Schwangerschaften allein erklären freilich noch nicht, weshalb der Krankenstand bei Frauen laut DAK-Studie in NRW im vergangenen Jahr um rund 16 Prozent höher lag als bei Männern. Frauen und Männer werden aber anders krank — das heißt, sie leiden an unterschiedlichen Erkrankungen, wie ein Blick in die Statistik zeigt: Männer in Nordrhein-Westfalen haben rund 73 Prozent mehr Fehltage wegen Herz-Kreislauf-Erkrankungen als Frauen. Umgekehrt kommen diese auf 64 Prozent mehr Fehlzeiten bei Krebsleiden.

Gerade bei Krebserkrankungen wird der Geschlechterunterschied sehr deutlich. Bei Frauen gilt Brustkrebs als häufigste Krebserkrankung — sie wird vergleichsweise früh, sprich in jüngeren Jahren, diagnostiziert. „Die Frauen stehen dann häufig noch voll im Berufsleben“, erklärt DAK-Landeschef Hans-Werner Veen. Prostatakrebs, die häufigste Krebserkrankung bei Männern, tritt hingegen meist erst ab einem Alter von 60 Jahren auf. Viele Patienten haben bei einer Diagnose ihr Berufsleben schon weitgehend hinter sich. „Insgesamt ist der vielzitierte kleine Unterschied größer als gedacht“, sagt Veen.

Der zeigt sich auch bei der Dauer der Berufsunfähigkeit. Frauen gehen zwar häufiger zum Arzt, sind aber im Schnitt weniger lange krankgeschrieben als ihre männlichen Kollegen. Ein Erkrankungsfall dauert bei ihnen im Durchschnitt 12,3 Tage, bei Männer sind es hingegen 12,5. Der Unterschied zwischen krank und krankgeschrieben ist dabei recht wichtig: Denn laut DAK-Report gehen Frauen auch bei Krankheit häufiger zur Arbeit.
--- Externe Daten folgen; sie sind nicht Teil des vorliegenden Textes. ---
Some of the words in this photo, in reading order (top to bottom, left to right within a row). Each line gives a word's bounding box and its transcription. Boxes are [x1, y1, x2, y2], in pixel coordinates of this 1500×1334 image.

65 Prozent der Frauen waren im vorigen Jahr mindestens einmal krank im Job, bei den Männern waren es hingegen nur 60 Prozent. Als Hauptgründe gaben die Frauen an, dass sie ihre Kollegen nicht hängenlassen wollten (87 Prozent) oder ihre Arbeit fertigstellen müssten (66 Prozent).

Die Krankenkasse stellt nicht nur Unterschiede fest, sondern leitet aus ihnen auch Forderungen ab. „Wo Männer und Frauen unterschiedliche Bedürfnisse haben, sollen sie auch geschlechtsspezifische Angebote bekommen“, sagt Veen. Im Blick hat er dabei vor allem betriebliche Präventionsangebote, die helfen können, die Rekordkrankenstand von 4,1 Prozent in NRW zu reduzieren. Im Vergleichzeitraum 2014 lag er bei 3,8 Prozent. Der aktuelle Wert, der höchste der vorigen 16 Jahre, bedeutet, dass von 1000 Erwerbstätigen im Schnitt 41 je Tag krankgemeldet waren.
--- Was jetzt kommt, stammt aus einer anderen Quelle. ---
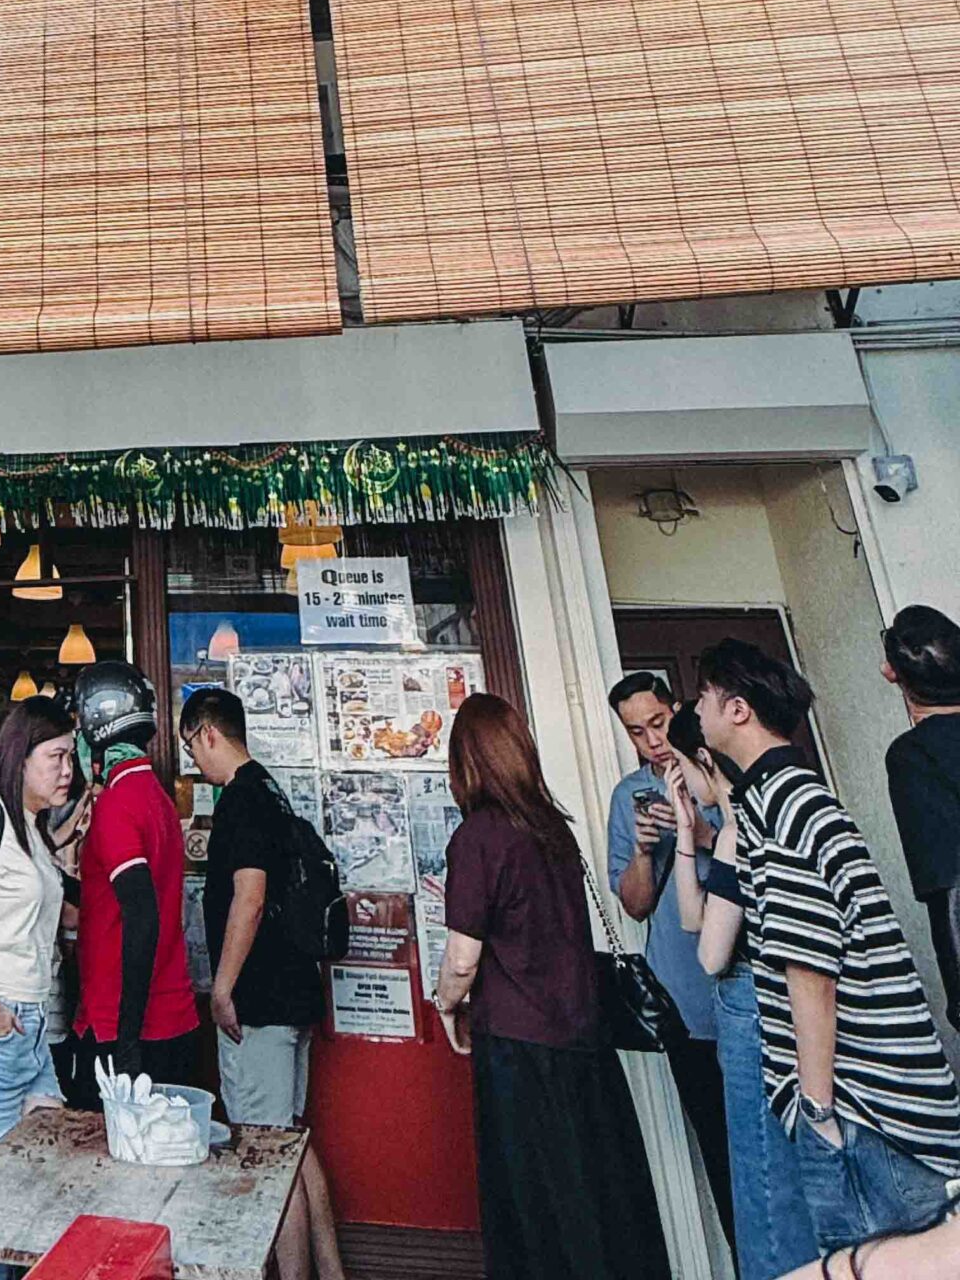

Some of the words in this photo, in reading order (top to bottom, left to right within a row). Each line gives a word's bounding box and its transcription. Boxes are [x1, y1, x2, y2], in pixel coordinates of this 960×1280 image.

[321, 569, 369, 586] Queue
[372, 569, 384, 584] is
[304, 591, 321, 606] 15
[326, 613, 356, 628] wait
[359, 613, 388, 628] time
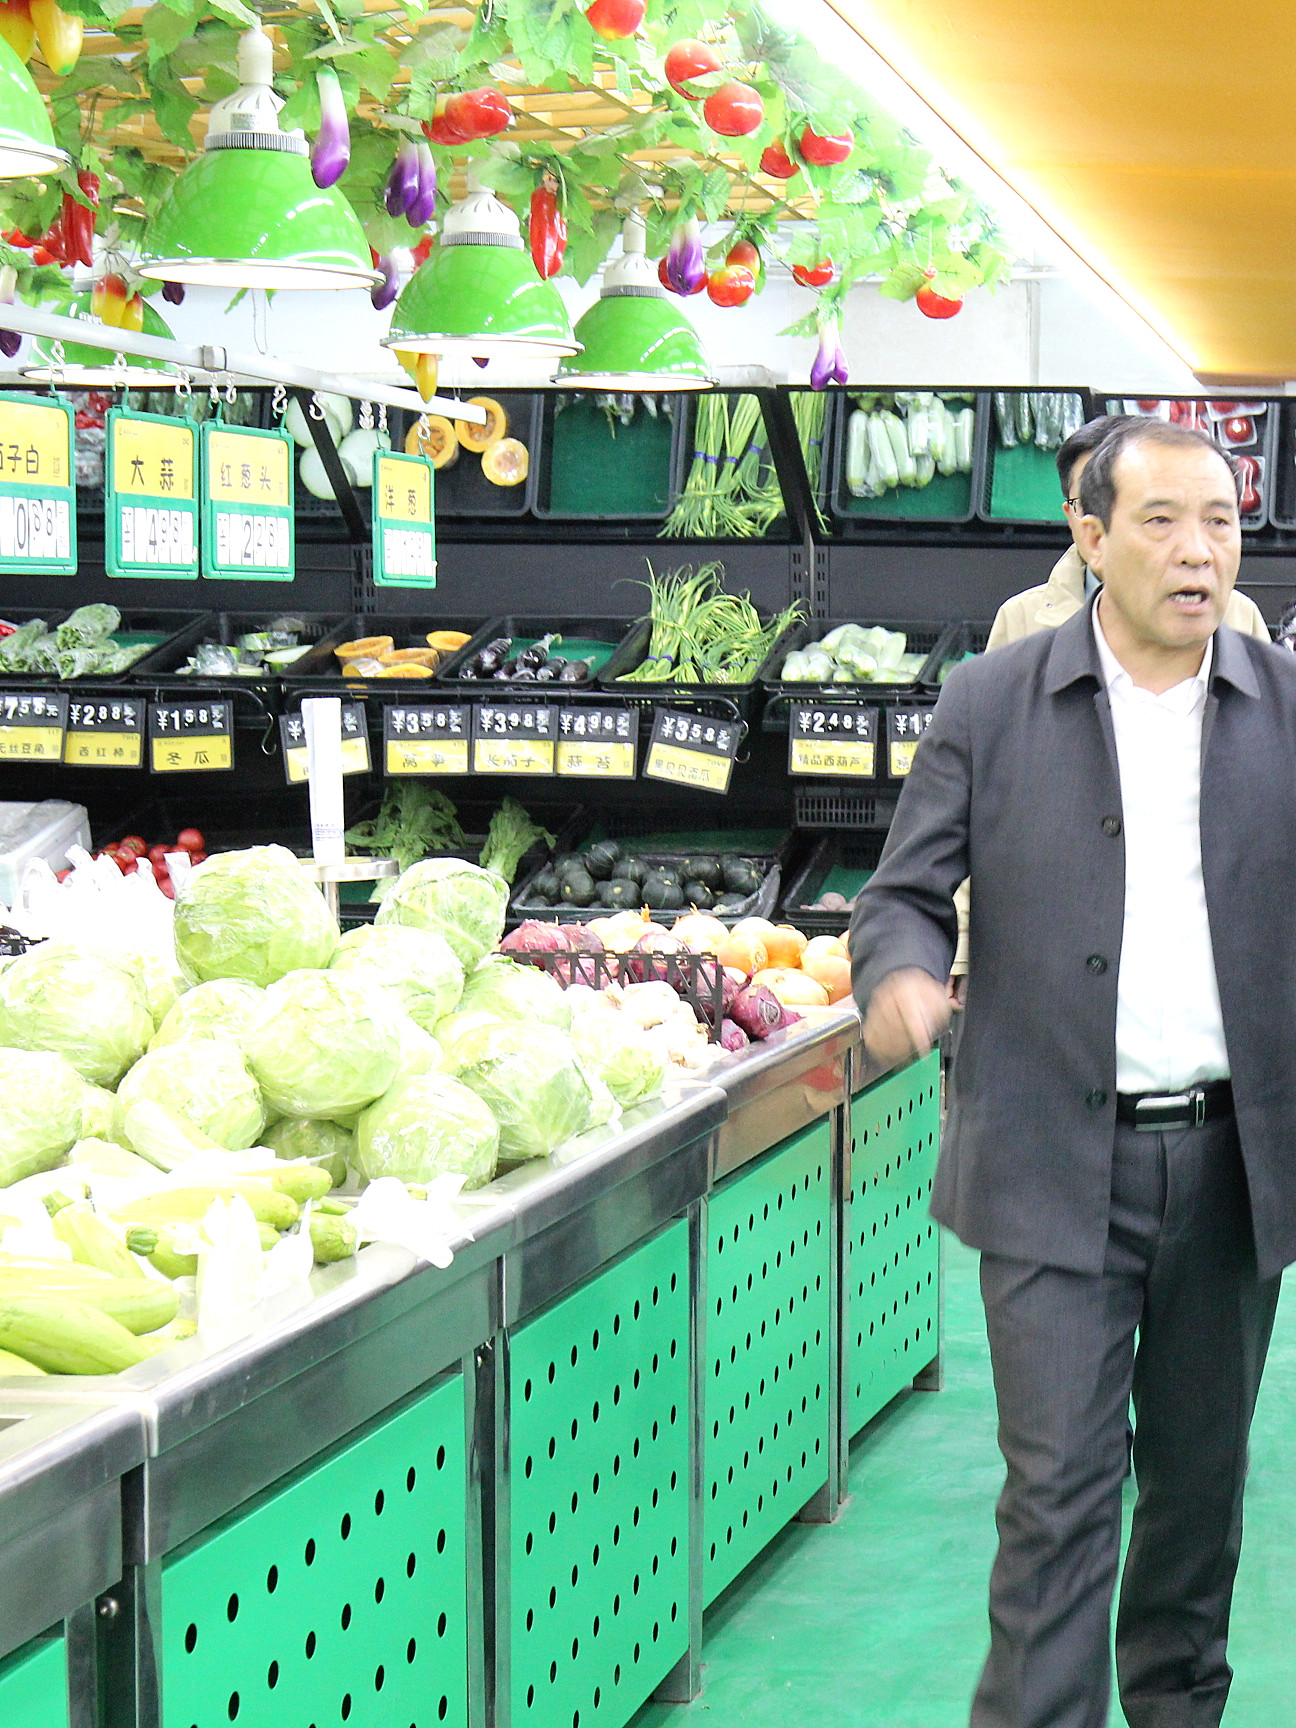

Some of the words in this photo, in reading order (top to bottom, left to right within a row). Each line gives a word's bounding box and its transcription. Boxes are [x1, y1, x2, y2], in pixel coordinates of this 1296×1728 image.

[131, 454, 174, 491] 大蒜
[221, 462, 272, 492] 红葱头
[385, 484, 417, 516] 洋葱
[79, 746, 124, 758] 西红柿
[166, 750, 209, 766] 冬瓜
Damit liegt Nordrhein-Westfalen exakt auf Bundesniveau, den niedrigsten Krankenstand hatte laut DAK mit 3,5 Prozent Baden-Württemberg, den höchsten Brandenburg (56,2 Prozent). Die Branche mit dem häufigsten Krankenstand ist das Gesundheitswesen (4,9 Prozent), gefolgt von der öffentlichen Verwaltung (4,5) und dem verarbeitenden Gewerbe (4,2 Prozent).

Für die Analyse hat die Krankenkassen sogenannte Prozessdaten von rund 460 000 ihrer erwerbstätigen Mitglieder in NRW ausgewertet, zudem wurden 1099 Menschen (5221 im Bund) online befragt.